TASK GOAL: Please return the data word for word and leave out any picture it contains.
'''
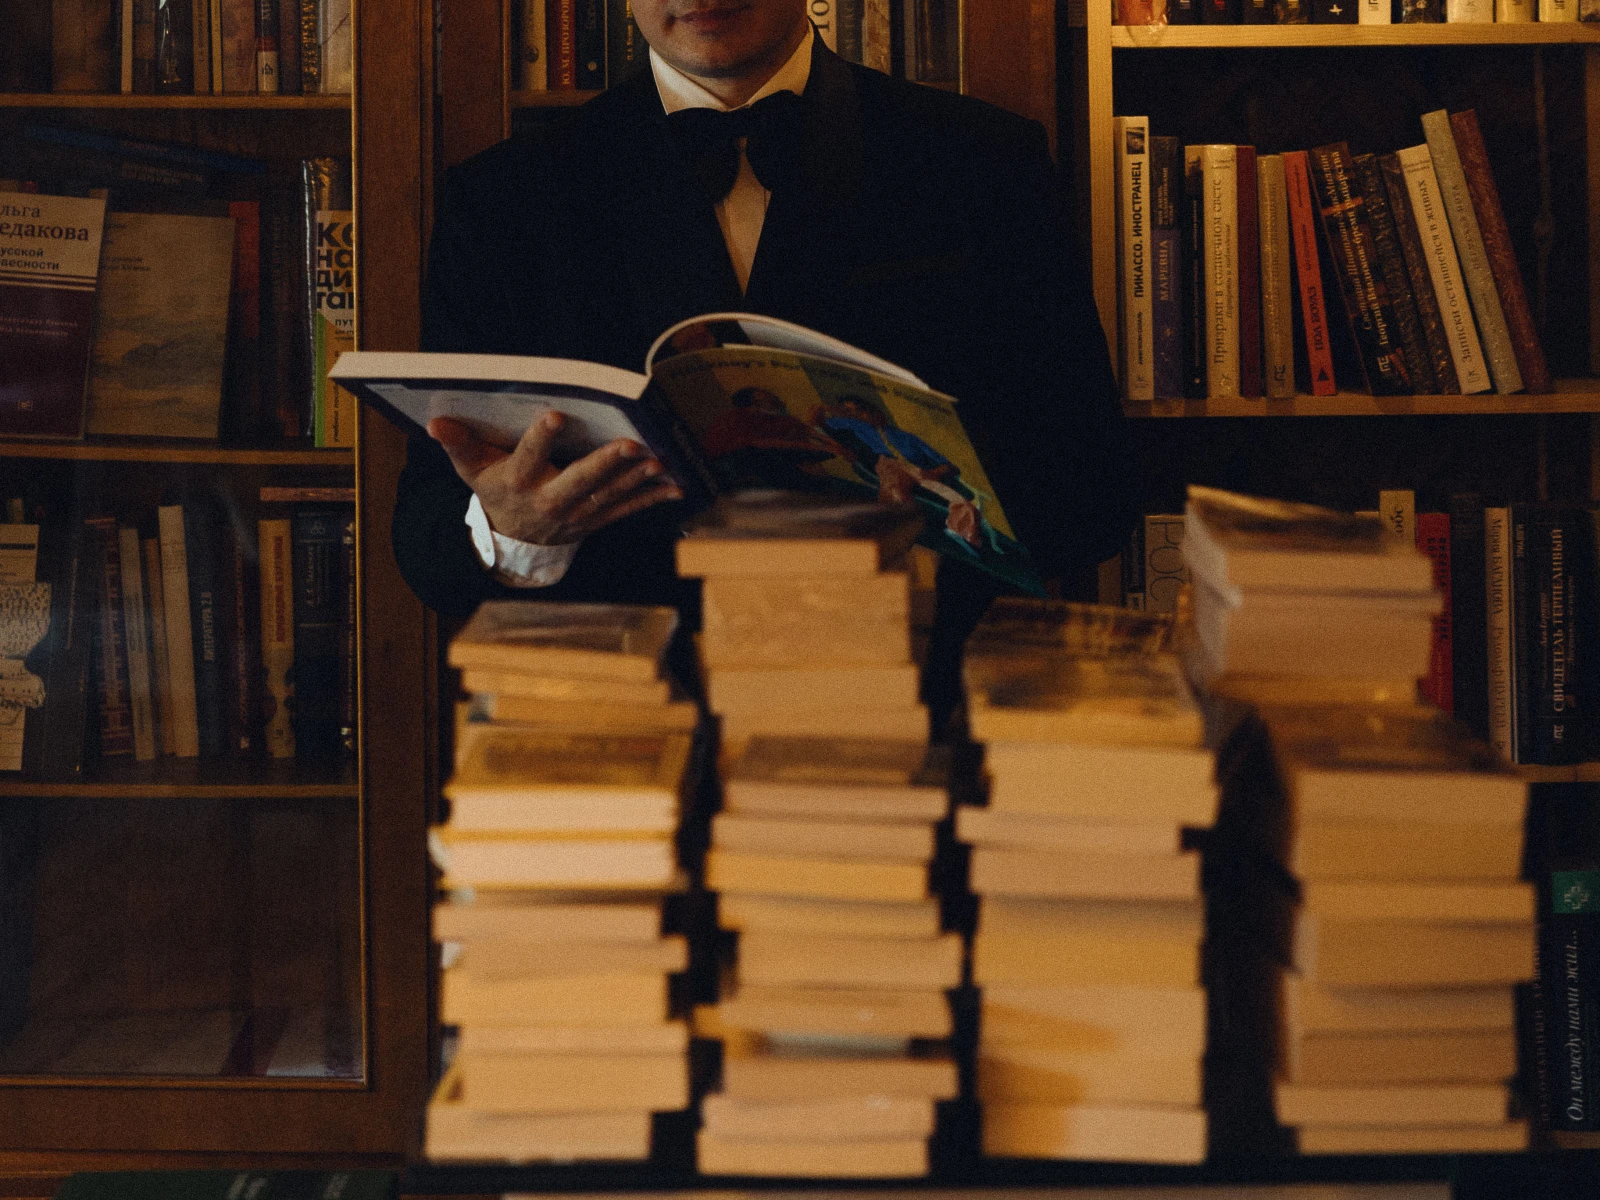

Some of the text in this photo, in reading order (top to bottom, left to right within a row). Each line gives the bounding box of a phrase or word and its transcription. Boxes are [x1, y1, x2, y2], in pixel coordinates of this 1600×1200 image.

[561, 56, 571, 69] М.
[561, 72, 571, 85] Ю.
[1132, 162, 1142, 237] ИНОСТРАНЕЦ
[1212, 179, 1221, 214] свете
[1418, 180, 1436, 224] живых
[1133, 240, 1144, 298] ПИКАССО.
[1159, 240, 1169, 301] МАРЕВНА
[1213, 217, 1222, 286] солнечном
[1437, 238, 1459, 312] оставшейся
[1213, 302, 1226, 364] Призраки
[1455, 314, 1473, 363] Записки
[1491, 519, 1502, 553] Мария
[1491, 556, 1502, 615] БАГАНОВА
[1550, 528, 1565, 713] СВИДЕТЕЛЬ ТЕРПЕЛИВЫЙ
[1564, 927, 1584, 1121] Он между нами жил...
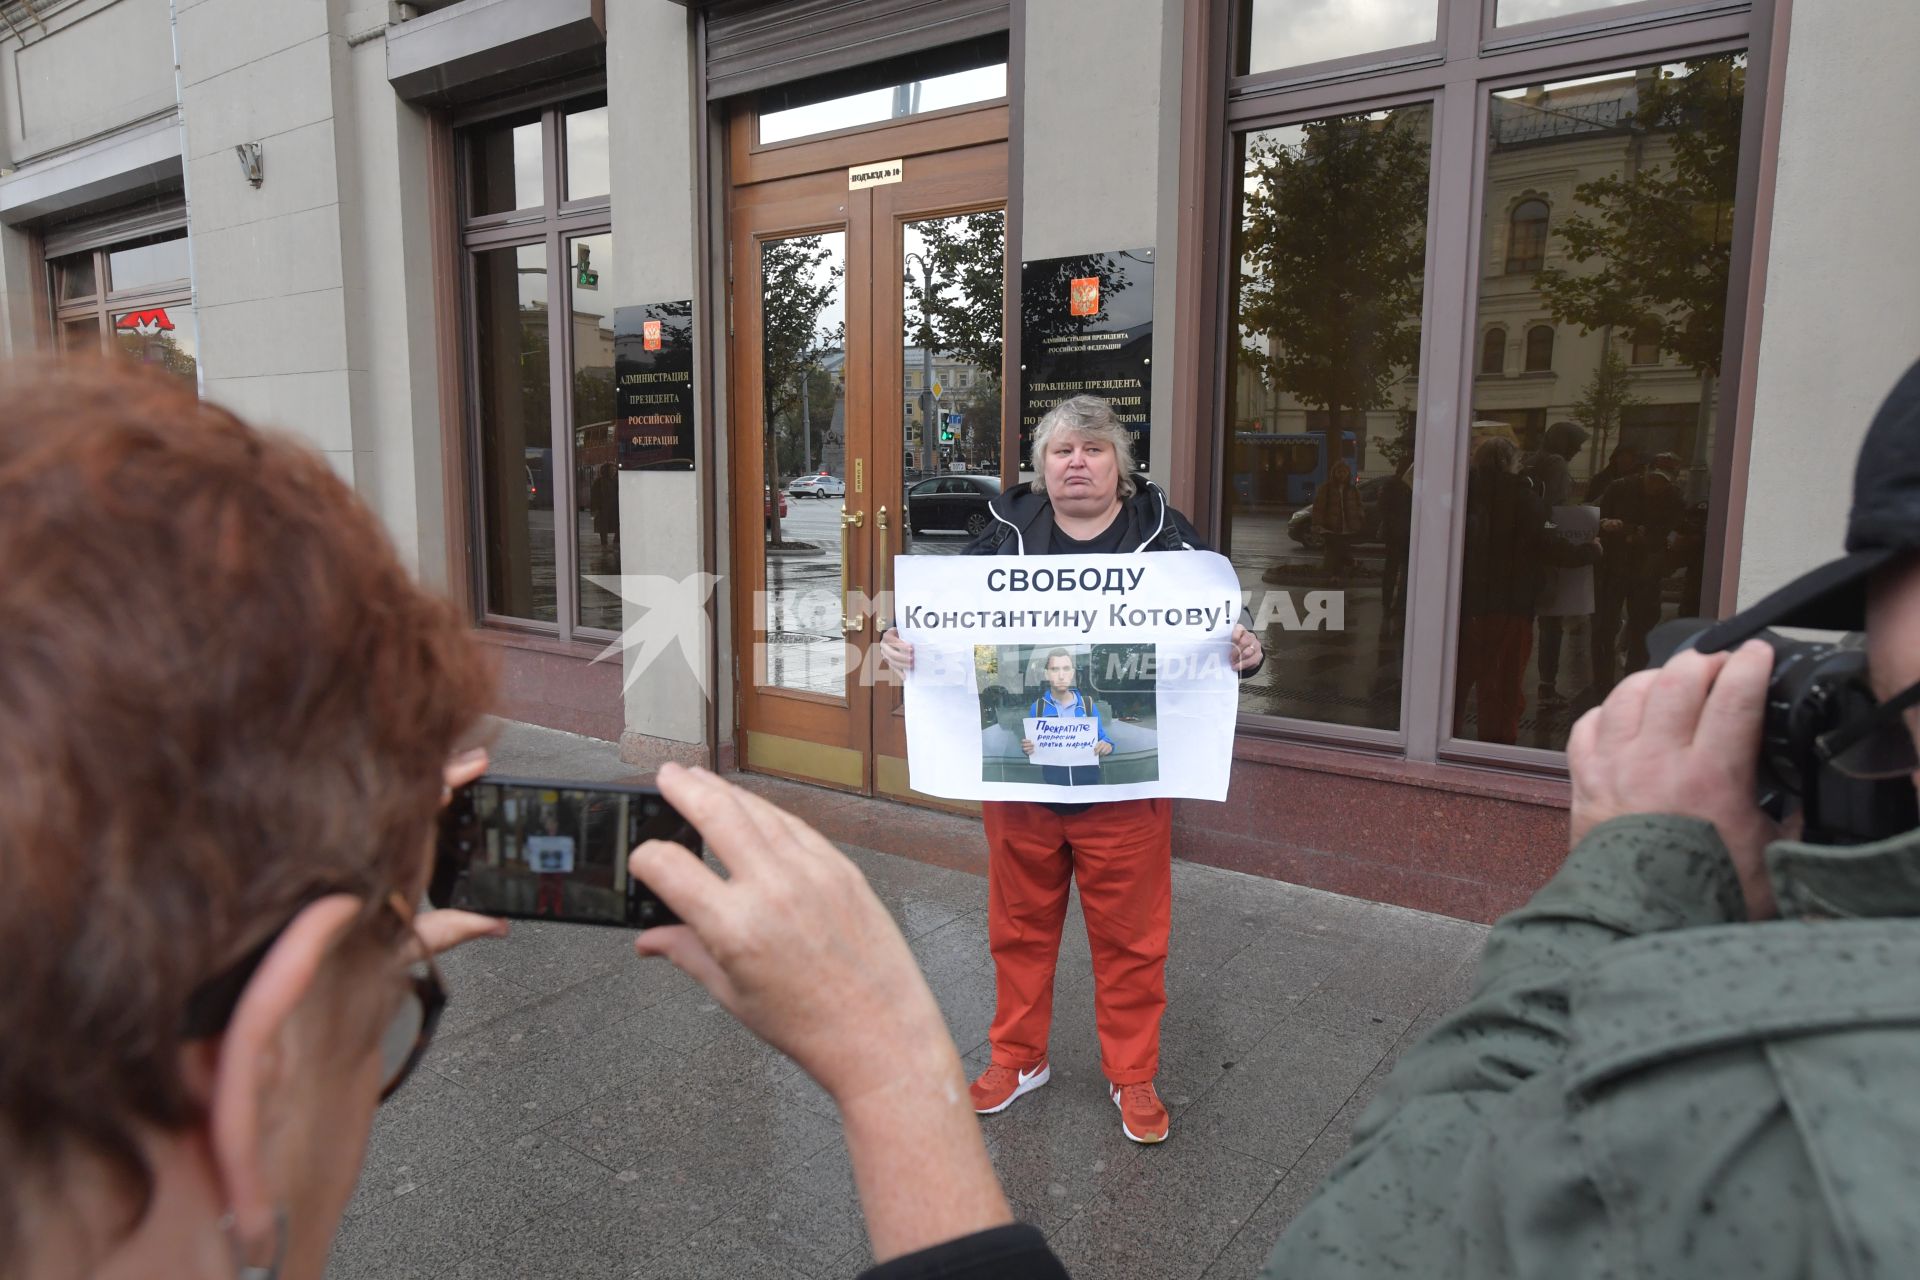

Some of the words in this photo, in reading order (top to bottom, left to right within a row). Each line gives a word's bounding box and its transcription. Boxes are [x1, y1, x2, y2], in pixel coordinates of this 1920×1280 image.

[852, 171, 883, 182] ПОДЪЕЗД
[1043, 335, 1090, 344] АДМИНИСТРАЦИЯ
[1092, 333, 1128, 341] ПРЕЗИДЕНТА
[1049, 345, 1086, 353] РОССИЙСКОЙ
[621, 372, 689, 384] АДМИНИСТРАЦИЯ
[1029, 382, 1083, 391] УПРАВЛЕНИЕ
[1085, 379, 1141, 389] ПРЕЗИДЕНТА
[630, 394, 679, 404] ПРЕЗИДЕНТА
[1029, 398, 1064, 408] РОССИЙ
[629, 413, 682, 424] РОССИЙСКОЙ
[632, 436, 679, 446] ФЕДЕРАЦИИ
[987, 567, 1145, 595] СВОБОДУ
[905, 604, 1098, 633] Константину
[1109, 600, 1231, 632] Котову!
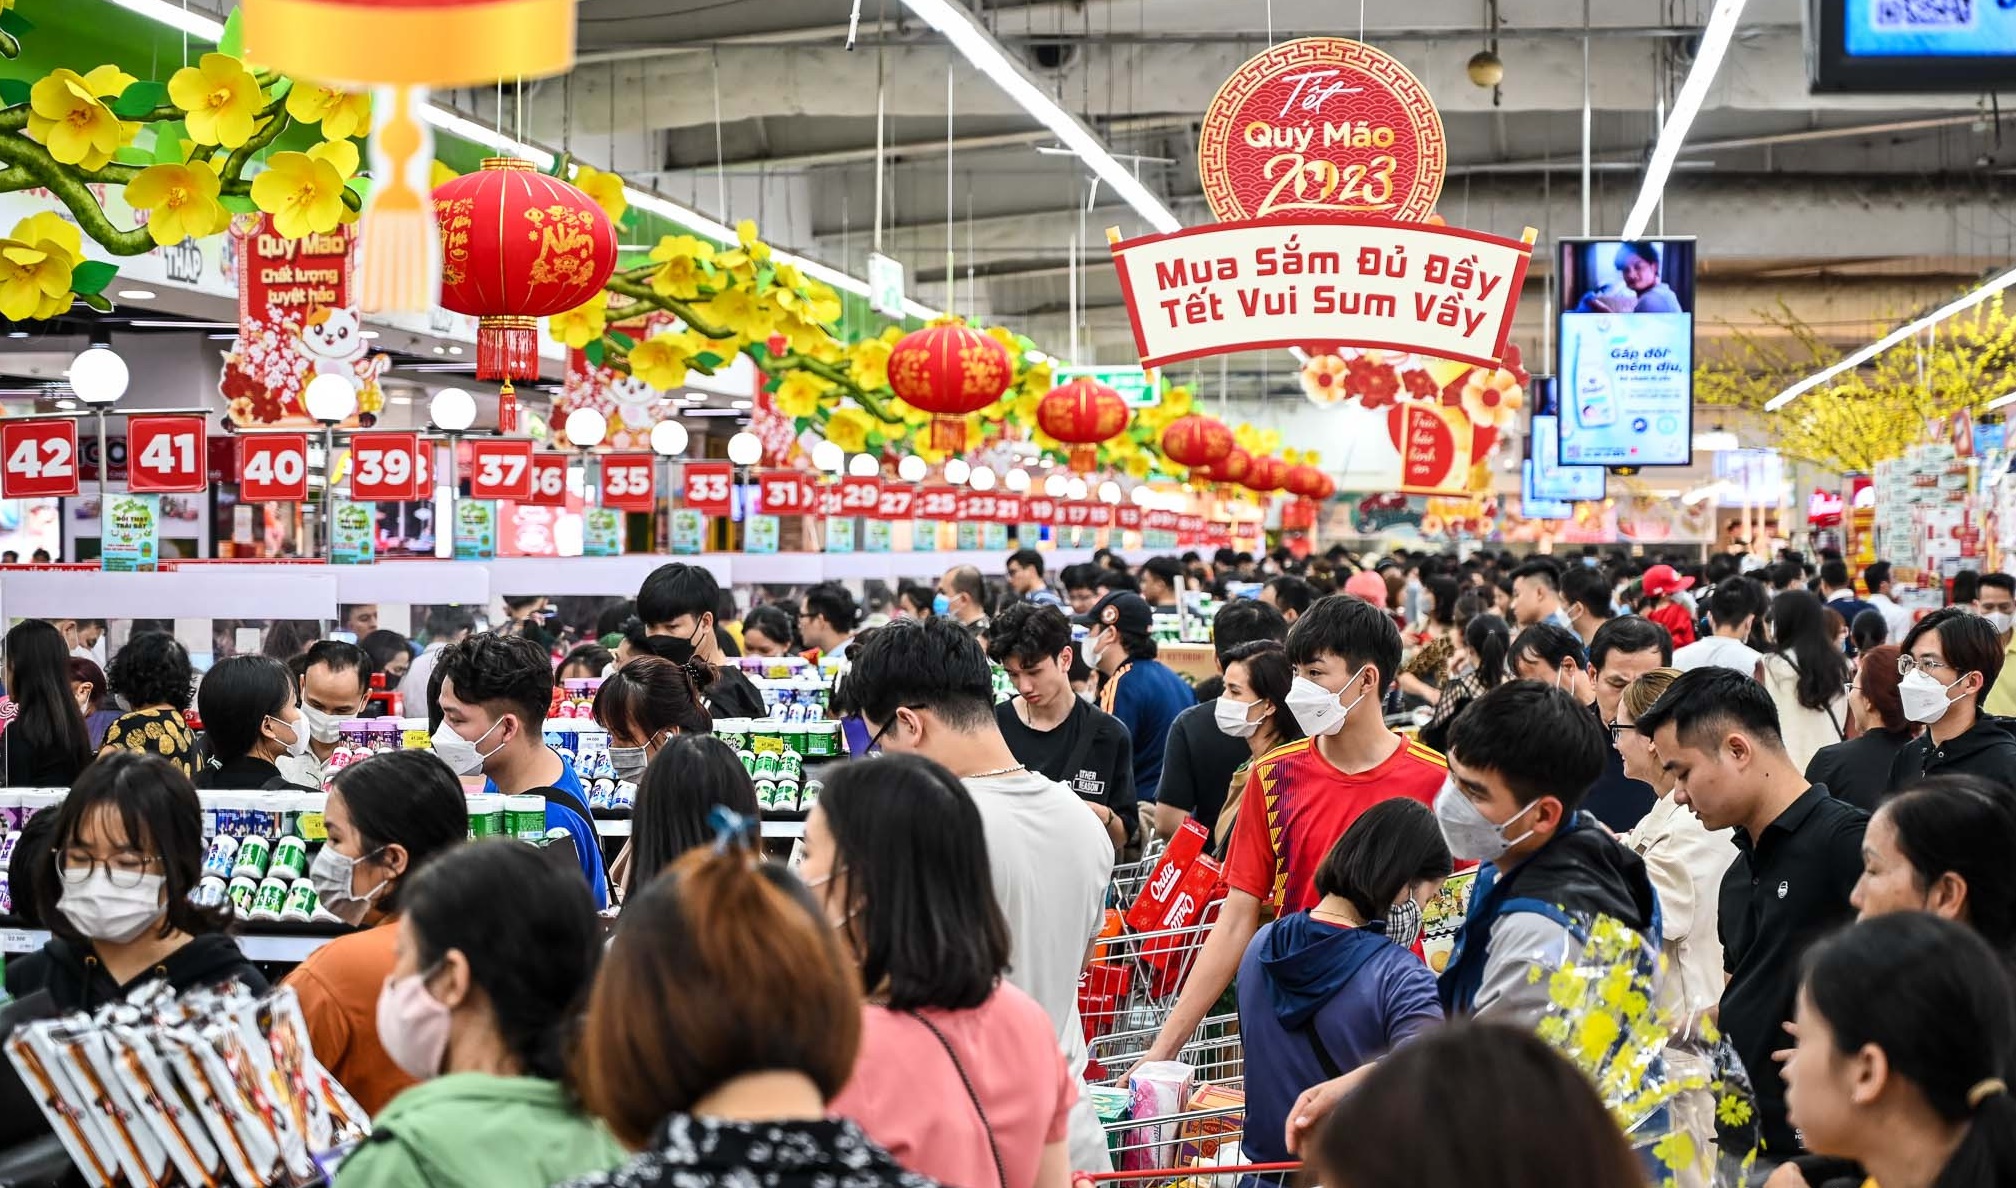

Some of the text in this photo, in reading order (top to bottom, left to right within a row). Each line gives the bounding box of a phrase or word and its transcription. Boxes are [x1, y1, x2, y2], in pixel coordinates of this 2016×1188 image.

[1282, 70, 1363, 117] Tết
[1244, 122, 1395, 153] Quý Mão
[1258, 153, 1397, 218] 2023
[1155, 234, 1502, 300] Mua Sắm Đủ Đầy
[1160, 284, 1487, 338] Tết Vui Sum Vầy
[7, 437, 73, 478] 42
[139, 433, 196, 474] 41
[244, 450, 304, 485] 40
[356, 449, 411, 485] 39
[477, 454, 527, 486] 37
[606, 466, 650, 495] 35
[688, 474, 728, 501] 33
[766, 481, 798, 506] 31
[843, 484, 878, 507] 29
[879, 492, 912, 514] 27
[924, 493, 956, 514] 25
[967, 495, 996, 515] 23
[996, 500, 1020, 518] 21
'''
RESULT OF THIS TASK:
Some of the text in this photo, in reading order (top to bottom, left to right within a row). Each line gives the bounding box of a phrase or word and its transcription. Boxes are [x1, y1, x2, y2], in pixel coordinates of this 1600×1200 image.

[561, 56, 571, 69] М.
[561, 72, 571, 85] Ю.
[1132, 162, 1142, 237] ИНОСТРАНЕЦ
[1212, 179, 1221, 214] свете
[1418, 180, 1436, 224] живых
[1133, 240, 1144, 298] ПИКАССО.
[1159, 240, 1169, 301] МАРЕВНА
[1213, 217, 1222, 286] солнечном
[1437, 238, 1459, 312] оставшейся
[1213, 302, 1226, 364] Призраки
[1455, 314, 1473, 363] Записки
[1491, 519, 1502, 553] Мария
[1491, 556, 1502, 615] БАГАНОВА
[1550, 528, 1565, 713] СВИДЕТЕЛЬ ТЕРПЕЛИВЫЙ
[1564, 927, 1584, 1121] Он между нами жил...

Some of the words in this photo, in reading order (top to bottom, left to right within a row). Each line gives a word's bounding box and its transcription. Boxes are [x1, y1, x2, y2], in pixel coordinates of this 1920×1280 image.

[852, 171, 883, 182] ПОДЪЕЗД
[1043, 335, 1090, 344] АДМИНИСТРАЦИЯ
[1092, 333, 1128, 341] ПРЕЗИДЕНТА
[1049, 345, 1086, 353] РОССИЙСКОЙ
[621, 372, 689, 384] АДМИНИСТРАЦИЯ
[1029, 382, 1083, 391] УПРАВЛЕНИЕ
[1085, 379, 1141, 389] ПРЕЗИДЕНТА
[630, 394, 679, 404] ПРЕЗИДЕНТА
[1029, 398, 1064, 408] РОССИЙ
[629, 413, 682, 424] РОССИЙСКОЙ
[632, 436, 679, 446] ФЕДЕРАЦИИ
[987, 567, 1145, 595] СВОБОДУ
[905, 604, 1098, 633] Константину
[1109, 600, 1231, 632] Котову!

Some of the text in this photo, in reading order (top to bottom, left to right within a row). Each line gives the bounding box of a phrase or word and its transcription. Boxes are [x1, y1, x2, y2], in pixel coordinates of this 2016×1188 image.

[1282, 70, 1363, 117] Tết
[1244, 122, 1395, 153] Quý Mão
[1258, 153, 1397, 218] 2023
[1155, 234, 1502, 300] Mua Sắm Đủ Đầy
[1160, 284, 1487, 338] Tết Vui Sum Vầy
[7, 437, 73, 478] 42
[139, 433, 196, 474] 41
[244, 450, 304, 485] 40
[356, 449, 411, 485] 39
[477, 454, 527, 486] 37
[606, 466, 650, 495] 35
[688, 474, 728, 501] 33
[766, 481, 798, 506] 31
[843, 484, 878, 507] 29
[879, 492, 912, 514] 27
[924, 493, 956, 514] 25
[967, 495, 996, 515] 23
[996, 500, 1020, 518] 21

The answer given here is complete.